A noite chega rápido, e Katherine decide que seria melhor parar perto de algumas árvores que haviam sobrevivido ao incêndio. Se senta, encostando as costas numa das árvores. A situação atual fazia com que até mesmo aquilo fosse confortável.
— Deixe-me ver seu machucado. — Falou, tentando não parecer muito autoritária. "Ela pensa que sou Helena. É melhor assim."
— Melhor não.
— Não seja desobediente, garotinha. Venha aqui.
— Você vai ficar preocupada demais.
— Collen. — Agora o tom de ordem era óbvio, já que se esqueceu de escondê-lo dessa vez.
Collen se senta á seu lado e após um sinal de Katherine, estende a perna machucada sobre o colo da irmã mais velha. Retirou o curativo improvisado da garota, com uma careta ao ver o péssimo trabalho que Leo e Collen haviam feito. Não sabia direito o que sentia. Raiva? Pena? Susto?
— Mas que droga, Collen. Você não limpou isso? — Resmunga, analisando o ferimento, mal notando a rispidez que usara ao falar.
— Não... Eu não tinha água, Katherine. — Katherine levanta o olhar, assustada. Não, não e não. Como ela sabia? Arregalou os olhos e abriu a boca, como se tentasse dizer algo, mesmo não sabendo o que. Quase que sem querer apertou a mão em torno do ferimento de Collen, arrancando um suspiro baixo de dor da garota, que Katherine ia pedir desculpas por fazer tê-la dado, porém vendo que não parecia ter exatamente o controle de sua voz. Não era Helena dando as caras nem nada assim, apenas receio. Como?

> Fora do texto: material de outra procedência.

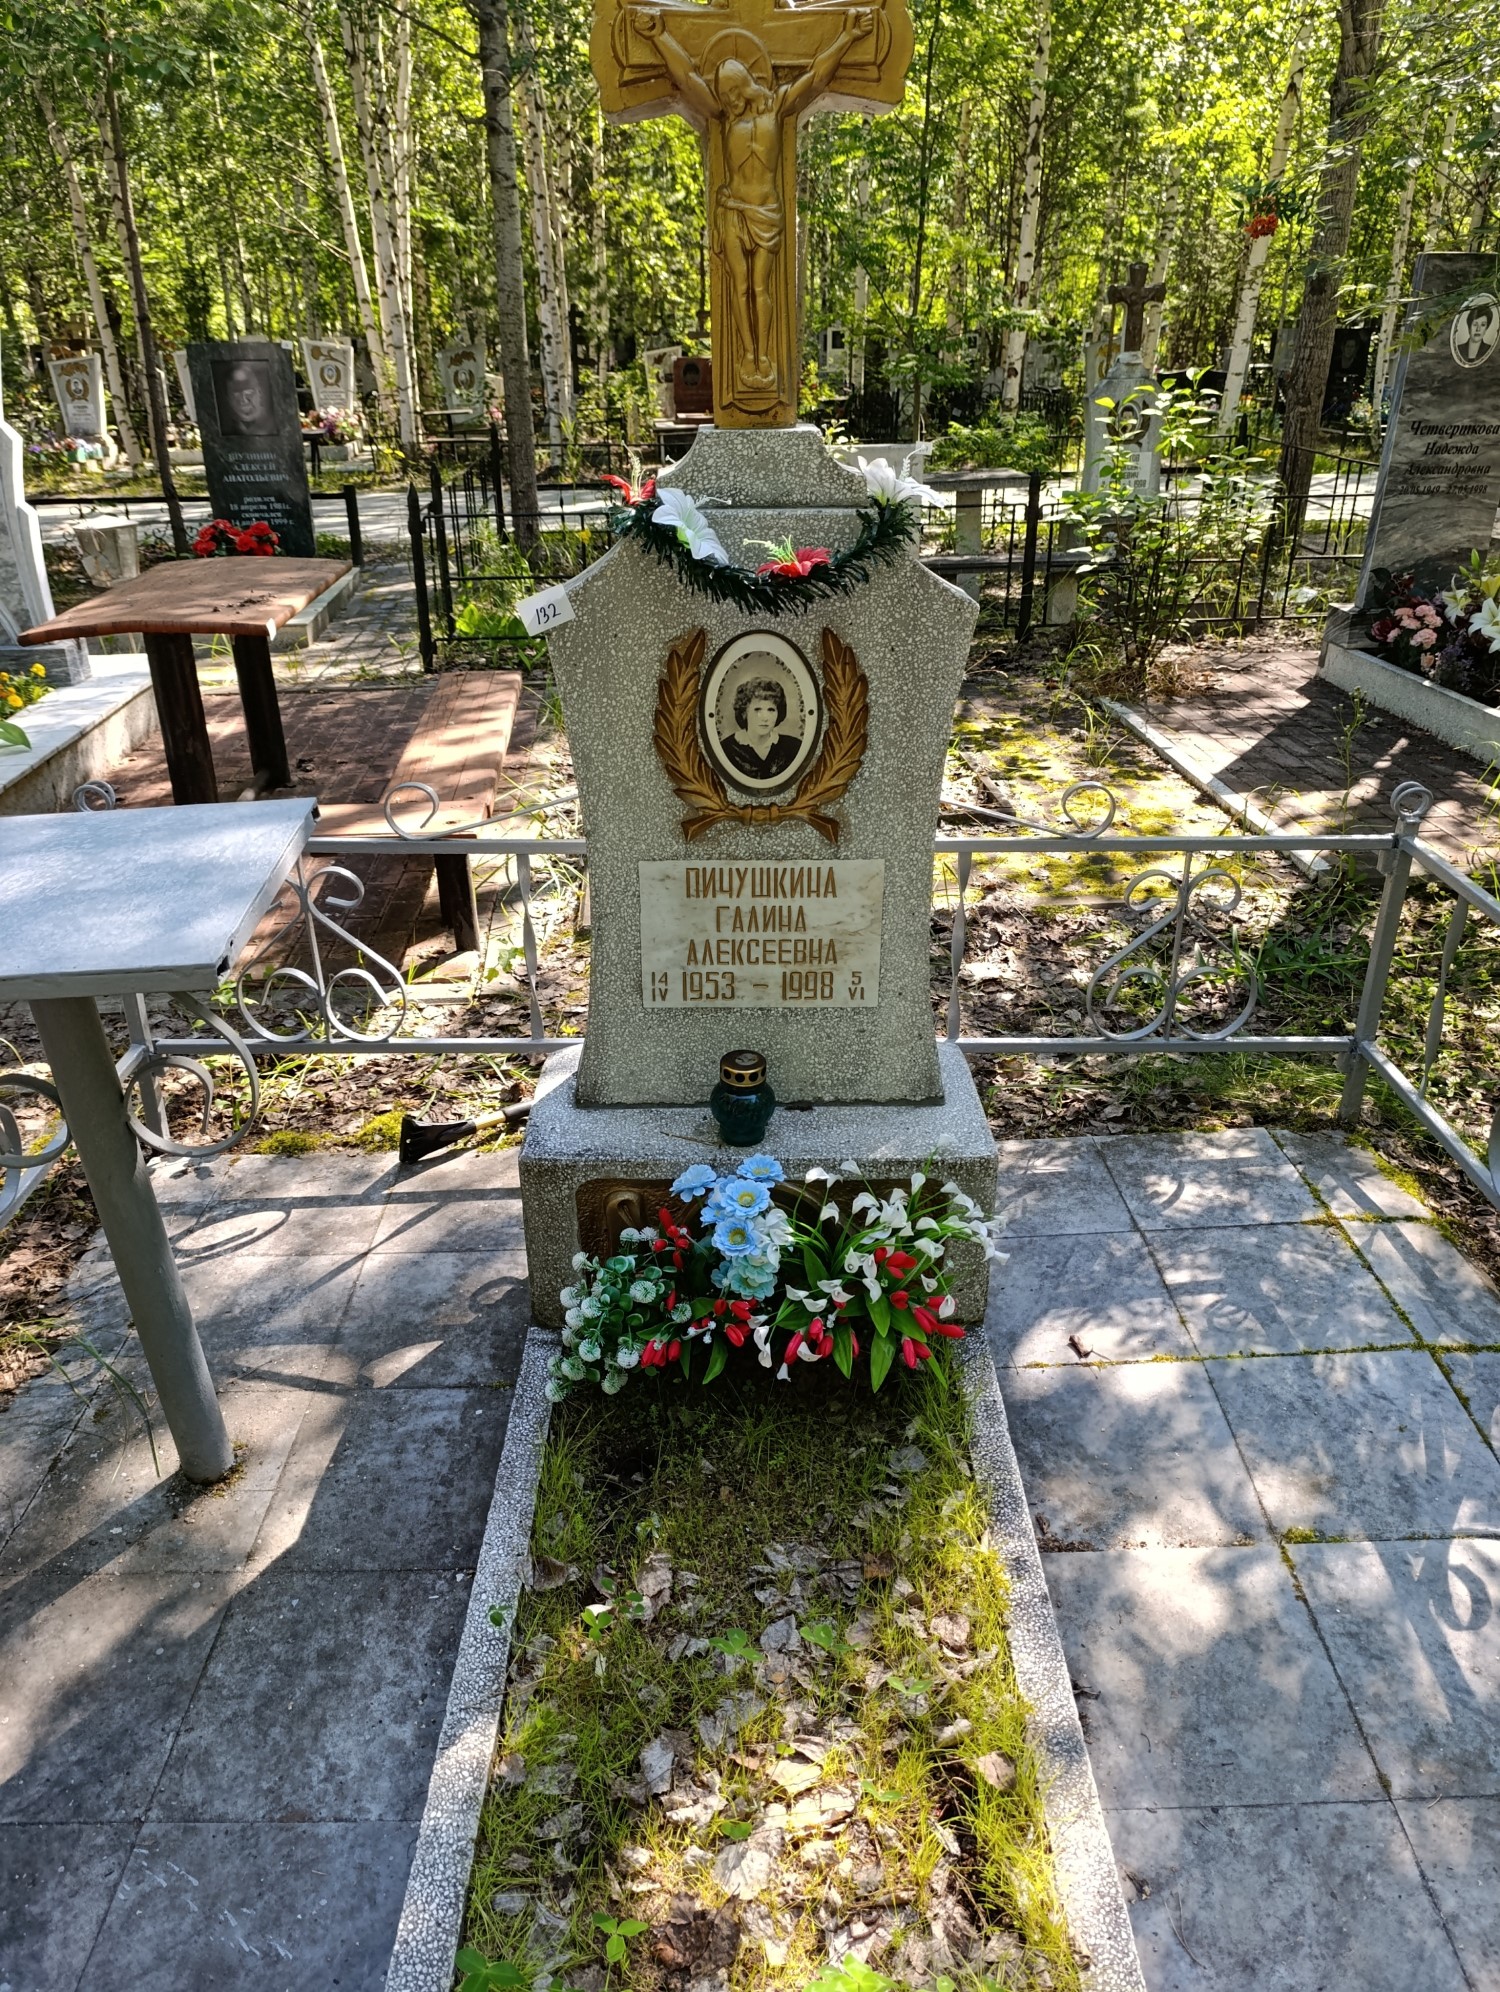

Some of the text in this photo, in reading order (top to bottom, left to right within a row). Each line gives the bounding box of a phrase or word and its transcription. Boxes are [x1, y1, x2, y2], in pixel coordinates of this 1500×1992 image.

Collen provavelmente gritaria para Katherine sair dali e deixar sua tão querida Helena voltar. Iria brigar com Katherine e dizer que ninguém nunca á amaria. A moça sabia que sim, e apenas por isso foi pega de surpresa ao ouvir o que Collen disse em seguida, ignorando o olhar confuso de Leo sobre si.
— Senti sua falta, Katherine. — E então ela á abraçou, e dessa vez foi um abraço para Katherine, mesmo. A maior não sabia se ria, ou chorava. Estava estática ao receber o beijo em sua bochecha, vindo da irmã. E meio que riu e chorou ao mesmo tempo, abraçando-a de novo.

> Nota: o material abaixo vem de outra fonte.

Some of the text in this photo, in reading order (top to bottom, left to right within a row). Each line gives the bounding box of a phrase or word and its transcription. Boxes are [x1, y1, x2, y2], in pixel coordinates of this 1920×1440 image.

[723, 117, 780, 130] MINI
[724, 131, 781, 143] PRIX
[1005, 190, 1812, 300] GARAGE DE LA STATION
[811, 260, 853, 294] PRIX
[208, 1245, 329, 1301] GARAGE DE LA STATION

Apenas para em seguida se lembrar da perna de Collen e com uma super-proteção meio exagerada, pegar a garrafa de água que tinha na mochila para limpar o ferimento de Collen, mesmo que todos ali aparentassem mais sede do que necessidade de limpeza num ferimento.
— O que aconteceu? — Pergunta Collen, tocando o ombro de Helena, na queimadura que descia até sua cintura. Katherine se controlou para não estremecer ao toque, pois aquilo ainda ardia.
— Fui atingida. Não foi nada. — Respondeu, num tom que dizia "Não foi importante, ignore.", mesmo que fosse mentira.
***
Collen estava dormindo com a cabeça no colo de Katherine, com esta ainda sentada no mesmo lugar. Leo estava ao lado, e os dois conversavam num tom de amizade - ou algo mais? - á horas, de modo que a madrugada já desse as caras. Leo já sabia da condição mental de Helena agora.
— Eu tenho como se fosse vontade de proteger sua irmã. Não sei, mas... Deve ser porque tentei matá-la no banho de sangue. — Não, aquela não fora a coisa mais esperta á se dizer da parte dele. Porém Katherine não demonstrou. — Mas tem algo em você, Helena, que me chamou a atenção. Só queria que você soubesse disso. Acho que não temos muito tempo de paz.
"Helena, ótimo." Pensou, afastando o olhar que antes estava no rosto do garoto.
— Desculpe. — Ele falou, apenas agora notando o que dissera.
— Tudo bem. É sempre Helena, já me acostumei. — Tinha esperanças de ter algum sentimento apenas para si mesma... Mas sentimentos verdadeiros não costumam existir se ambas as partes não concordavam ou não acreditavam nele. Leo não parecia acreditar. Não conversaram mais depois disso, naquele dia. Ouviu-se o ronco suave de Leo e tanto ele quanto Katherine mal notaram que, quando esta dormiu, tinha a cabeça no ombro do garoto.
***
1ª pessoa á partir de agora, é.
— Collen. Vamos, Collen! Acorda logo. Tem algo errado. — Anunciei, movendo os ombros da pequena sem tentar parecer violenta demais. Agora estávamos numa clareira, e isso não era bom. Como havíamos ido parar ali? Collen abriu os olhos, mas não prestei muita atenção. Leo havia voltado. Leo...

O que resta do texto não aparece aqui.